Geldstrafe für Anti-Kohle-Aktivistinnen: Ein „ehrenwertes Anliegen“

„Winter“ und „Jazzy“ hatten bei der Räumung des Hambacher Forsts im Jahr 2018 Widerstand geleistet. Das Urteil gegen die beiden fiel milde aus.

Ein Baum in den farbig "Hambi bleibt" eingeritzt ist

Die Aktivistinnen hatten sich in der Baumhaussiedlung Norden miteinander verkettet Foto: dpa

DÜREN taz | Die beiden Angeklagten hätten „ein ehrenwertes Anliegen“ gehabt, sagte der Richter in seiner Urteilsbegründung. Zudem seien sie in ihrem Widerstand während der Räumung des Hambacher Waldes am 15. September 2018 zweifellos „ganz ungewalttätig“ gewesen. All das sei, so der Dürener Amtsrichter Behrend, im Urteil „zu honorieren gewesen“. Das Strafmaß in Zahlen: 40 Tagessätze zu je zehn Euro. Das entsprach auch der überraschend niedrigen Forderung der Staatsanwältin.

Die beiden nicht identifizierten jungen Frauen, in BesetzerInnenkreisen Winter und Jazzy genannt, offiziell UP 51 und UP 64 (für Unbekannte Person), hatten sich im Hambacher Wald in der Baumhaussiedlung Norden hoch oben miteinander verkettet. Der Vorwurf: passiver Widerstand. Das Strafgesetzbuch drohte mit Paragraf 113 Absatz 2, dem besonders schweren Fall von Widerstand – nämlich bei Gemeinschaftlichkeit. Das hätte bis zu fünf Jahre Haft für Winter und Jazzy bedeuten können.

Winter (mit schwarzer Wollmütze) und Jazzy (mit Mütze, Kapuze und dickem Schal vor Mund und Nase) lächelten bei der Vernehmung von Amtspersonen gelegentlich. Die Aussagen waren wie so oft in Hambach-Prozessen widersprüchlich, lückenhaft, schwammig, manchmal zum Lachen.

Der Baudezernent des Kreises Düren, den die schwarz-gelbe Landesregierung angewiesen hatte, das Gelände aus Brandschutzgründen räumen zu lassen, wirkte gar desinteressiert: Genaue Erinnerungen, wie wer wann was angeordnet oder getan habe? „Da müsste ich in den Unterlagen nachgucken.“ So viel zur Prozessvorbereitung.

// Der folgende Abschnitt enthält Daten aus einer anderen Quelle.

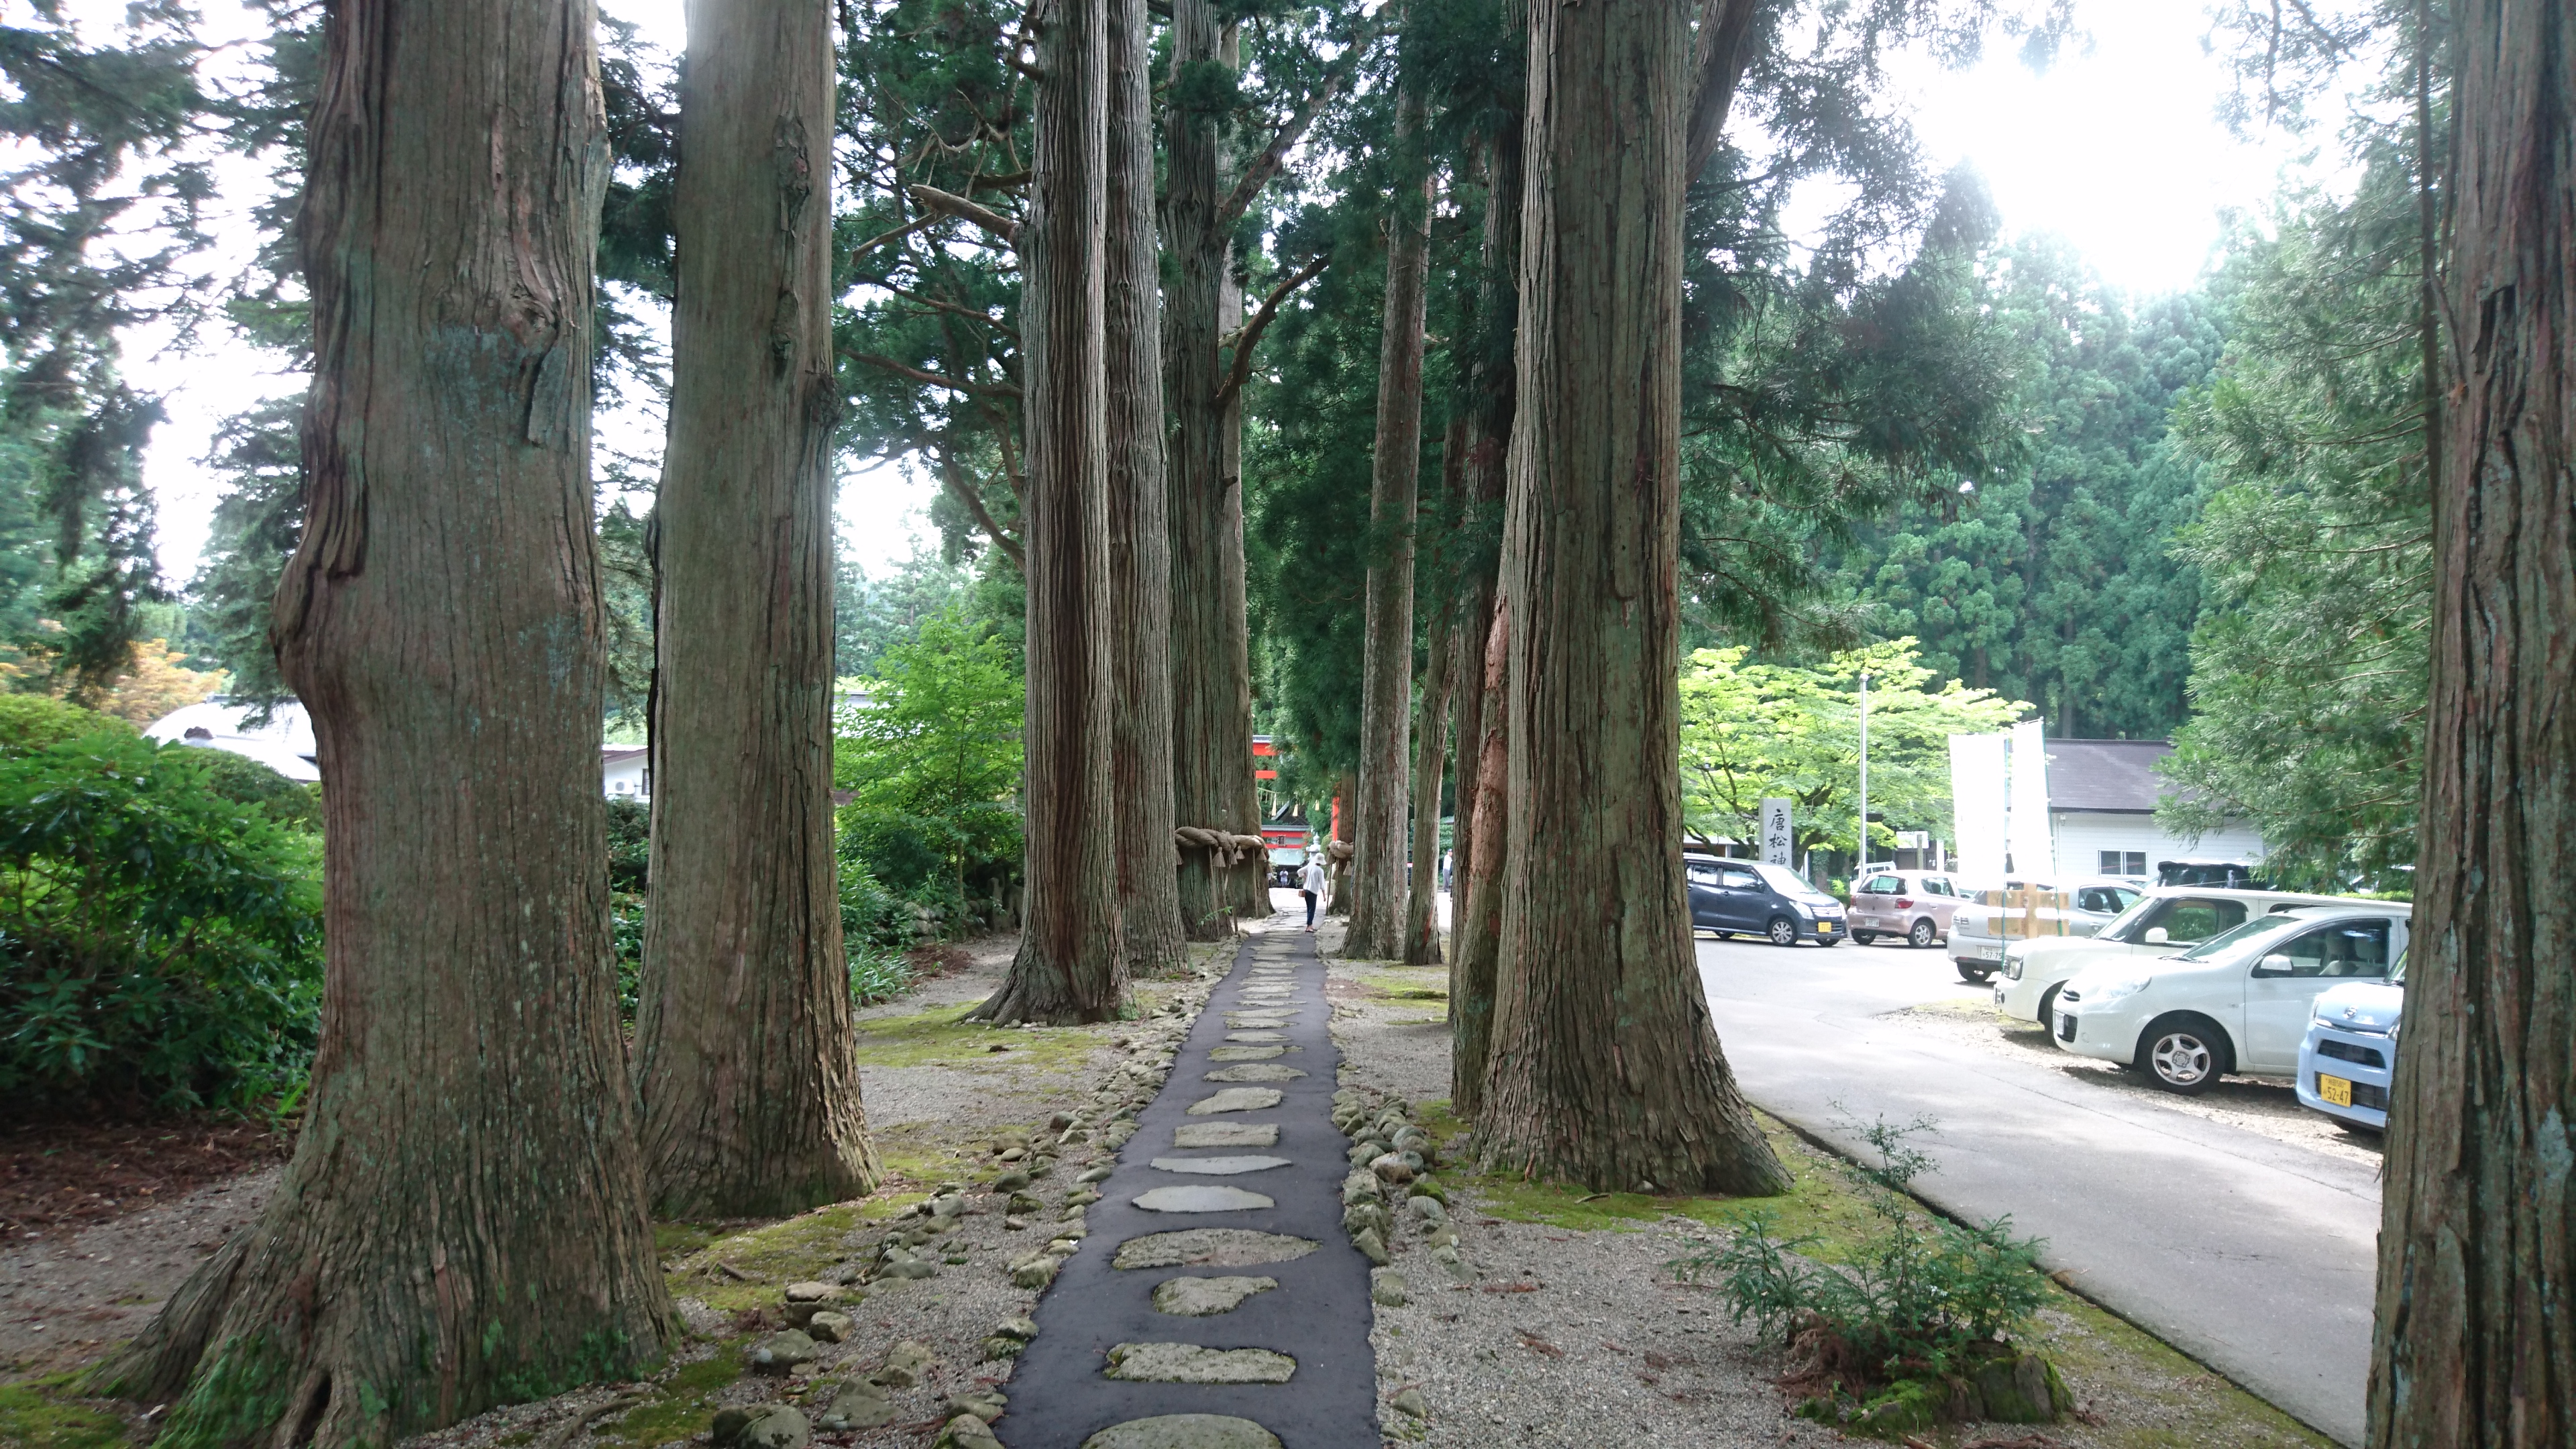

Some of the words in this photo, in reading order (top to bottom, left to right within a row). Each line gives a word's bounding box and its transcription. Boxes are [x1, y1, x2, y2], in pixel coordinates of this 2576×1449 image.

[1768, 808, 1788, 865] 唐松神
[2328, 1086, 2349, 1104] 52-47

Richter: Vermeintliche Klüngelei spiele keine Rolle

Ausführlicher sprach er über die Rolle von RWE bei der Räumung. Der Konzern habe Verwaltungsbeamten in den Wald geshuttelt. „Verfahrenshelfer“ seien sie gewesen. Ja, RWE-Leute seien auch bei Besprechungen dabei gewesen. Einer seiner Mitarbeiter gab zuvor im Zeugenstand an, Angestellte des Energieunternehmens hätten Vorgaben gemacht, welche Baumhäuser als nächstes anzugehen seien.

Winters Verteidiger Christian Mertens zog aus den Aussagen folgende Schlüsse: Wenn RWE bei der Räumung Regie führte und das Vorgehen koordinierte, war diese nicht rechtmäßig. Es sollte alles „im Handstreich erledigt werden“. Und wegen Widerstandes gegen einen unrechtmäßigen Einsatz könne man nicht verurteilt werden. Außerdem: „Die Brandschutz-Verfügung war handwerklich so voller Fehler, dass sie als juristische Seminararbeit mit null Punkten bewertet worden wäre.“

Richter Behrend wollte sich auf diese Ausführungen nicht einlassen. Es sei über die Schuld der Angeklagten zu urteilen, nicht über vermeintliche politische Klüngelei.

Am Ende wurden es für Winter und Jazzy also 40 Tagessätze. Verteidiger Christian Mertens behielt sich Rechtsmittel vor. Er war in Eile – der nächste Hambach-Prozess stand an.